If you have lived for very long you will have come to recognize that our lives are like stories and they have very distinctive chapters and parts. When I was a child my father worked for the Forest Service and about every 3 years we were transferred to a new place. During these times it seemed to me a chapter closed and a new one begin. This was both exciting and scary. It was hard to leave behind what was known but strangely freeing. I remember this brief time usually traveling through space from one place to the other, that really felt like we were in the unknown zone. It feels like that time is also our collective NOW. This time is known as liminal time or in between time. It is a special kind of time and needs a special conscious approach when possible.
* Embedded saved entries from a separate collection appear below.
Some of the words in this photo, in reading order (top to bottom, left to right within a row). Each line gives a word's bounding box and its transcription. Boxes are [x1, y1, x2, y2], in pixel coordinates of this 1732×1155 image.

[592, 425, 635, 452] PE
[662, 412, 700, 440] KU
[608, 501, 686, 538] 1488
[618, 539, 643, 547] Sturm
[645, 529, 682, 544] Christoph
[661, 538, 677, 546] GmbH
Winter is the time of resting in being and waiting. All nature knows this blessed state, even human nature, but in our modern culture we are lost in a great imbalance, idealizing and over-emphasizing the active, doing orientation in life. We have lost touch with receptivity and being. The initiating active principle is of course a necessary power and principle, but if it is not balanced by the receptivity of simply being, if our doing doesn’t arise out of our deeper being, then all our doing and giving and pressured activity drains us. The more we struggle against life’s storms and currents, the more we exhaust ourselves. .
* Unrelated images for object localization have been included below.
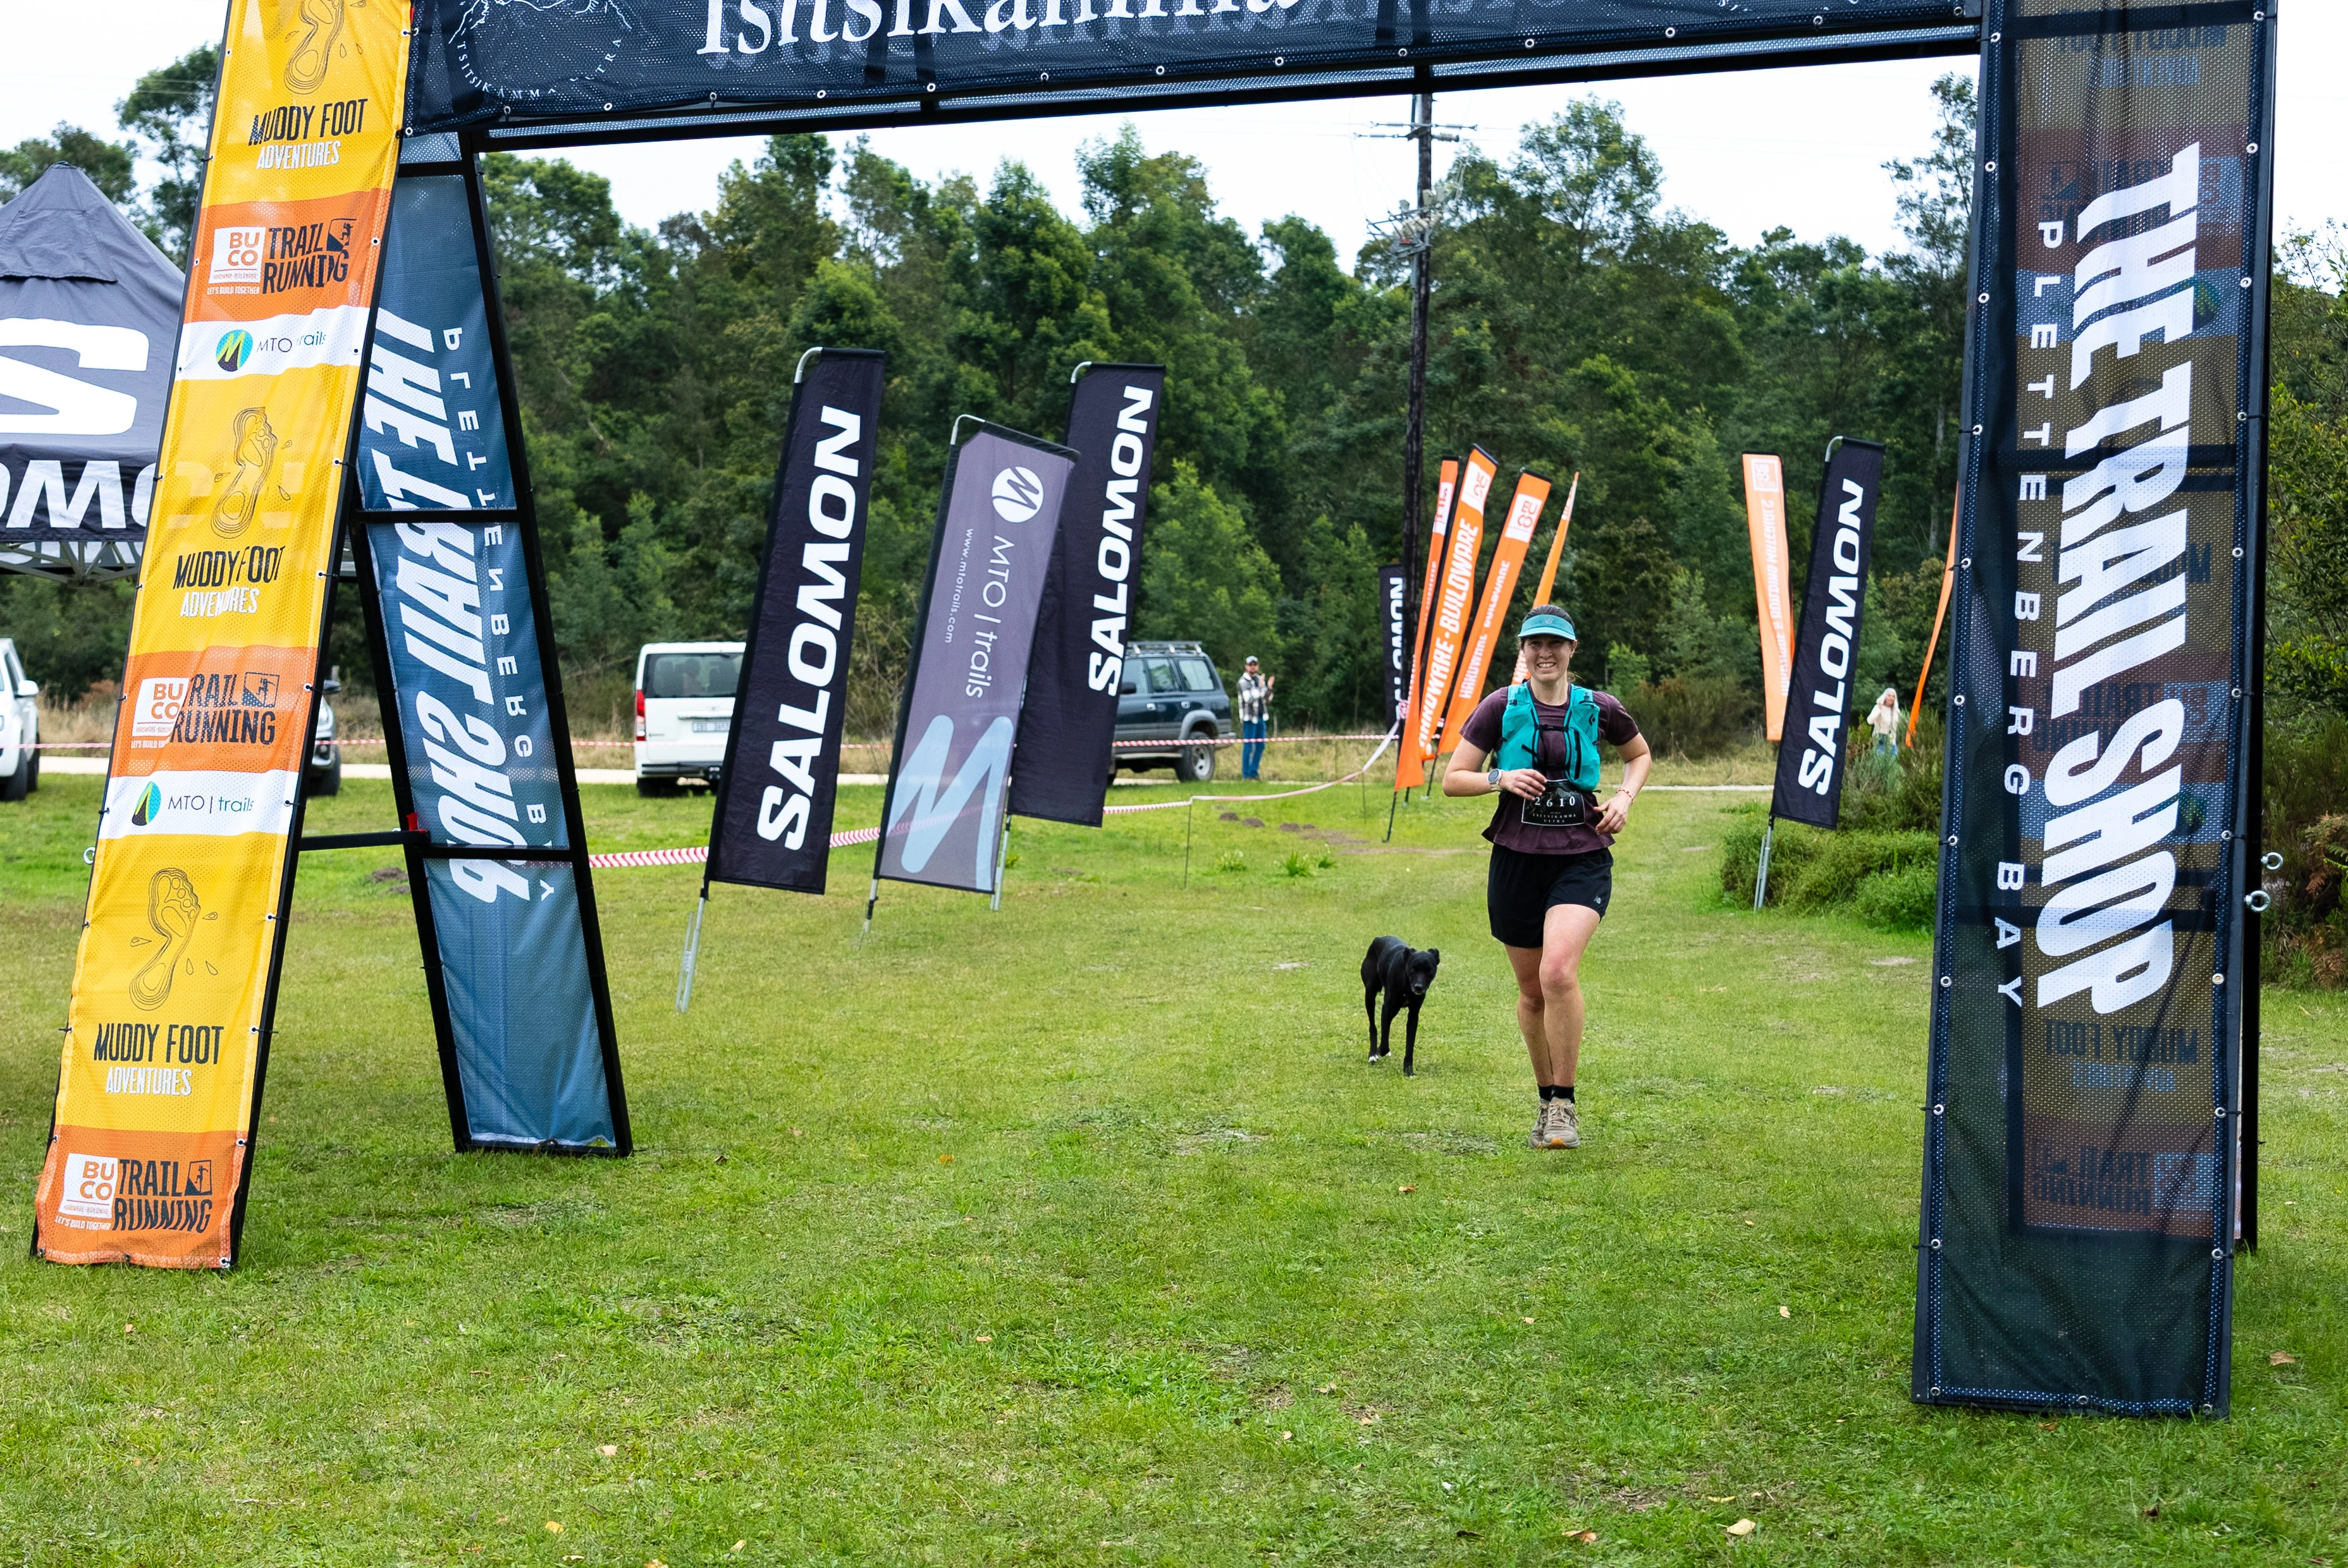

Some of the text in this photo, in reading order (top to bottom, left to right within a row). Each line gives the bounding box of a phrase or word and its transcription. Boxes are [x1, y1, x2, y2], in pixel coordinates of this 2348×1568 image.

[249, 99, 368, 145] MUDDY FOOT
[256, 140, 341, 169] ADVENTURES
[269, 223, 324, 259] TRAIL
[2070, 141, 2200, 391] THE
[257, 338, 293, 353] MTO
[1088, 385, 1153, 697] SALOMON
[2051, 360, 2192, 720] TRAIL
[173, 551, 240, 589] MUDDY
[945, 529, 974, 644] www.mtotrails.com
[757, 405, 861, 851] SALOMON
[965, 534, 1015, 698] MTO trails
[1995, 221, 2063, 1008] PLETTENBERG BAY
[1798, 479, 1864, 796] SALOMON
[169, 709, 276, 745] RUNNING
[168, 795, 204, 811] MTO
[1534, 796, 1575, 807] 2610
[2037, 698, 2185, 1015] SHOP
[94, 1023, 224, 1065] MUDDY FOOT
[106, 1067, 192, 1096] ADVENTURES
[119, 1159, 183, 1197] TRAIL
[112, 1199, 213, 1234] RUNNING
I am a deep student of the Medicine Wheel of life, and Winter Solstice falls in the North of this powerful mandala. This direction speaks of the deep stillness of earth, and a vast night sky that seems to make an endless night. The winter night sky is so present in the deciduous forests now, where the summer before the cathedral canopy of leaves gave us only peaks of sky in the breeze.. Now the branches of the bare trees seem to etch into the winter night lifting our gaze into the dark immensity. The stars grow brighter, more present.